Parents of Benjamin Stassen, Jay and Helen Stassen of Wisconsin US, have obtained a court order forcing Facebook to allow them access to the accounts and online assets of their late son. So far Facebook has refused to comply, although Google is now cooperating.

Benjamin Stassen committed suicide in late 2010 without leaving a note. Just like most youngsters, much of his personal information and data was held online. His parents wanted to look through his accounts to try and find some explanation for his suicide. However, Facebook and Google refused to assist, citing client confidentiality.

As heirs to their son’s estate the Stassen’s resorted to legal action. They obtained a court order ordering Google to hand over all of Benjamin’s email records and Google have now complied with the order. The parents have also obtained an order seeking access to their son’s Facebook account. The court order releases the company from its client confidentiality obligations. However, at this stage Facebook is still considering its response and may appeal to a higher court.

Prior to this case the most widely publicised case to date involved Yahoo!. When Lance Cpl Justin Ellsworth was killed in Fallujah, Iraq in November 2004, his father wanted to create a memorial to his son using the emails he had written and received whilst in the Middle East. Yahoo!, adhering to their terms of service, refused to allow access on the basis of privacy. However, the family obtained a court order forcing Yahoo! to release correspondence to the family. Nevertheless, despite the Court’s decision Yahoo! has yet to amend its standard terms.

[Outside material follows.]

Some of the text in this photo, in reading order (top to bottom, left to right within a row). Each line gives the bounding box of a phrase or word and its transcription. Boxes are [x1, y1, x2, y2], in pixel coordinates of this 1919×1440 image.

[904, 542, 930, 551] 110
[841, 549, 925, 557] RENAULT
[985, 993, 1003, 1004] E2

Although both these cases concern US law, there can be doubt that UK Courts would have regard to them as setting a strong precedent for cases that may emerge here. Internet Service Providers must either start requiring users to specify what should happen to their accounts on death, as part of the set up procedures, or respect the existing probate and succession laws of each jurisdiction. Internet users, young and old, should think about making formal arrangements in respect of their digital estates. Preserving and transferring the value of virtual goods and profiles is a three stage process as follows:-

1. Digital Inventory – individuals should start by completing a spreadsheet, listing all their digital assets, profiles, email addresses, devices, and gaming accounts. If no one knows about them then they can’t be preserved. In each case they should list user names, type of digital media and most importantly state what their wishes are in relation to it.

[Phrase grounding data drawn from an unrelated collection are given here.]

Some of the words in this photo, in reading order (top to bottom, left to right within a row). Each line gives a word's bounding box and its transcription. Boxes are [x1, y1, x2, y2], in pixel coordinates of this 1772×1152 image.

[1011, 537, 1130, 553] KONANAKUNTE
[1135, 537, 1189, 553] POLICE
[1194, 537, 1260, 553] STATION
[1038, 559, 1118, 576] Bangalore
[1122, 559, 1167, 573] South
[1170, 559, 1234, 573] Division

2. Digital Will – once you know what you have you need to appoint executors to deal with your digital estate. The executors will be responsible for gaining access and, where relevant, shutting down or passing over each account to the relevant heirs.

3. Password Storage – strictly speaking, if steps 1 and 2 are completed then the ISP ought to provide your digital executors with access information. You could avoid any delay or uncertainty by storing all your passwords and other access information on a site such as Legacy Locker and Deathswitch. Such websites allow users (for a fee) to upload their personal login details and passwords, which are then released to your executors after your death. Concerns have been raised about the long-term security of such sites. A cheaper alternative would be to store the information on a separate document in your computer. You then only have to make your computer password available your digital executors on your death.